The library attempts to manage with the memory made available to the Java Virtual Machine or with a subset of this made available for the grids environment by when necessary caching and clearing or otherwise clearing data from the fast access memory of the computer and swapping data to and from disk. If the grids environment runs out of suitable chunks to clear, before getting stuck in slow cycles of swapping out chunks only to load them again soon after, then errors or exceptions are thrown out further to a more general processing environment in the hope that some other part of the data processing environment has more approriate data to clear. If this is not the case then the processing is likely to grind on, but is perhaps unlikely to complete in a reasonable time frame... Currently no information is provided to the user if this is happening, but in a future version it might be, and in this way the user can be advised about and consider: changing the chunk structures of the grids; or increasing the size of the virtual machine in which the program is running (which may or may not involve utilising computers with more fast access memory).
- The library was originally developed to process geographical data into cross-scale density surfaces. Such surfaces were generated and used in various academic research projects for a range of geographical modelling task, to search for evidence of geographical clustering and to investigate changes in geographical clustering over time.
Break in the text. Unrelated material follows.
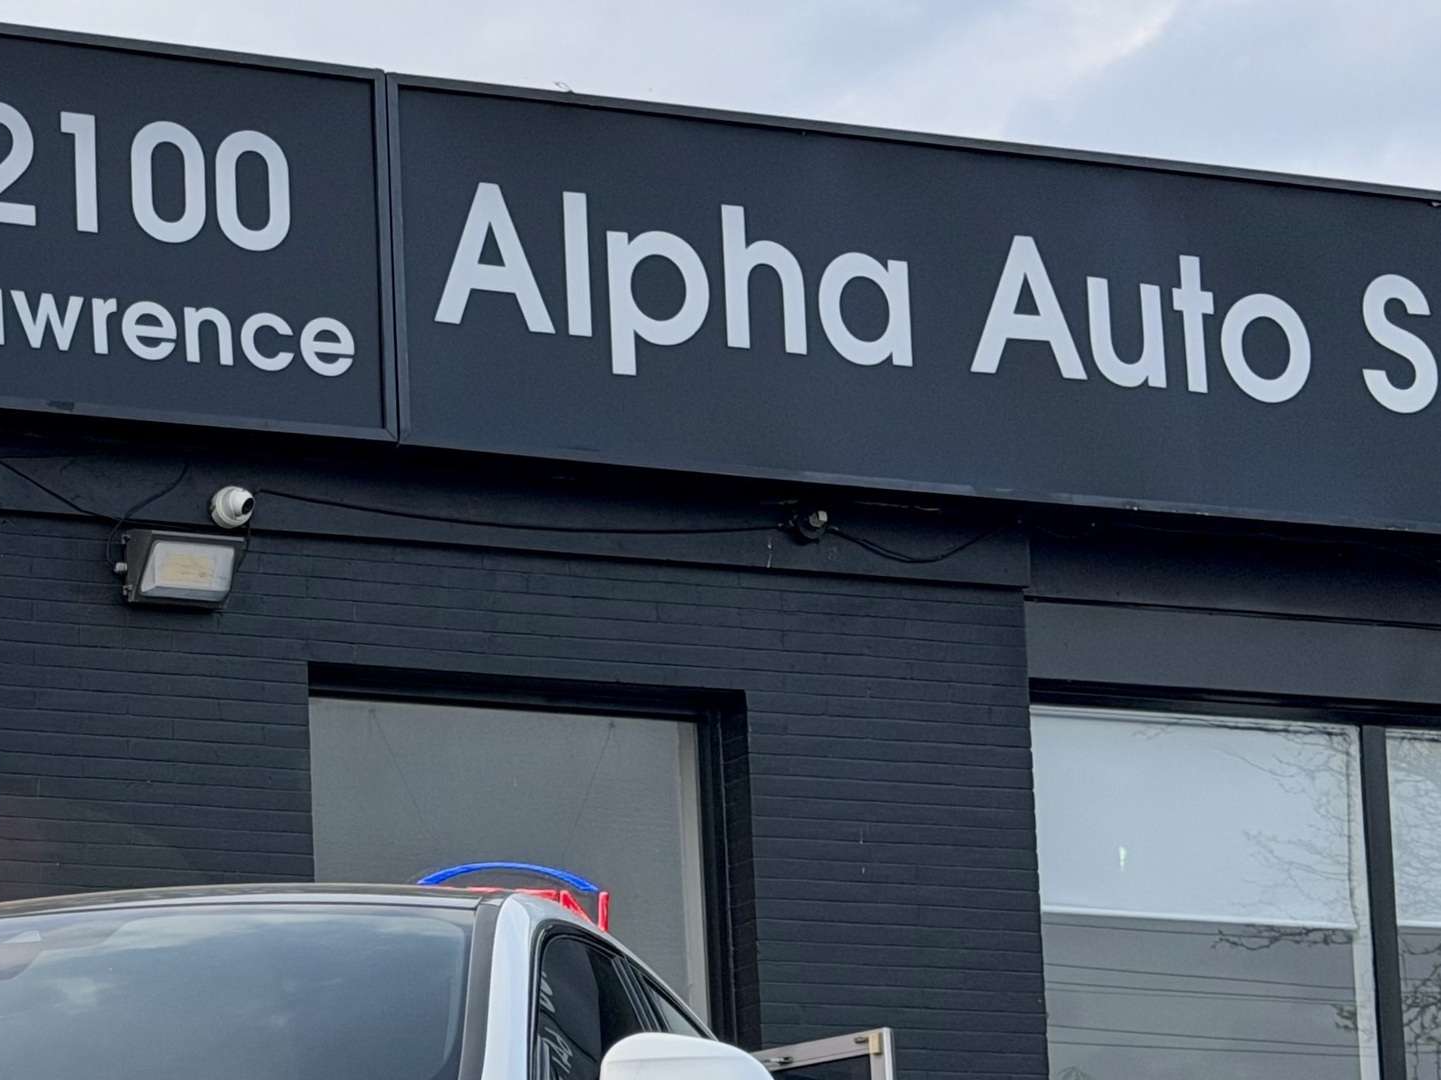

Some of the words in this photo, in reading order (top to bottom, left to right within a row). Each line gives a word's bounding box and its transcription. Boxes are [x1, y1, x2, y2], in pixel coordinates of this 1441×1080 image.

In this respect it has most recently been used in the Digital Welfare Project to reveal changes in the distributions of benefit claimants in Leeds - see: https://github.com/agdturner/agdt-java-project-DigitalWelfare.
- Processing digital elevation data into geomorphometrics - see: https://github.com/agdturner/agdt-java-project-Geomorphometrics.
- Producing density plots of lines and points to help reveal relationships between variables.
- The library has a general utility and works well in conjunction with another generic utility library for processing spatial vector data: https://github.com/agdturner/agdt-java-vector
- agdt-java-generic
- agdt-java-math
- Please see the POM for details.
- Support 3D grids.
- Push the processing classes geared for processing digital elevation data Grids_Processor_DEM and for generating geographically weighted statistics Grids_Processor_GWS to other libraries.
- Develop in an agile way.
- Welcome.
- The University of Leeds and externally funded research grants have supported the development of this library.
- Thank you openJDK contributors and all involved in creating the platform.
- Thank you developers and maintainers of other useful Java libraries that provide inspiration.
- Thank you GeoTools developers - a very early version of this library was based on the old GeoTools 1 Raster class.
- Thank you developers and maintainers of Apache Maven, Apache NetBeans, and git which I use for developing code.
- Thank you developers and maintainers of GitHub for supporting the development of this code and for providing a means of creating a community of users and developers.
- Thank you developers, maintainers and contributors of relevent content on: -- Wikimedia projects, in particular the English language Wikipedia -- StackExchange, in particular StackOverflow.
- Information that has helped me develop this library is cited in the source code.
- Thank you to those that supported me personally and all who have made a positive contribution to society. Let us try to look after each other, look after this world, make space for wildlife, and engineer knowledge :)
- For spatial analysis, especially with regard Earth systems modelling, there are some theoretical advantages of rasters with values regularly spaced in a more triangular arrangement (these can be imagined as cells that are hexagonal in two dimensions and which can be aggregated into larger (triangular, hexagonal or polyhedral chunks). Both square and triangular arrangements can be extended to three and more dimensions. In three dimensions (3D), there are a plethora of honeycomb like arrangements that can be used to partition values into chunks or semiregular honeycombs.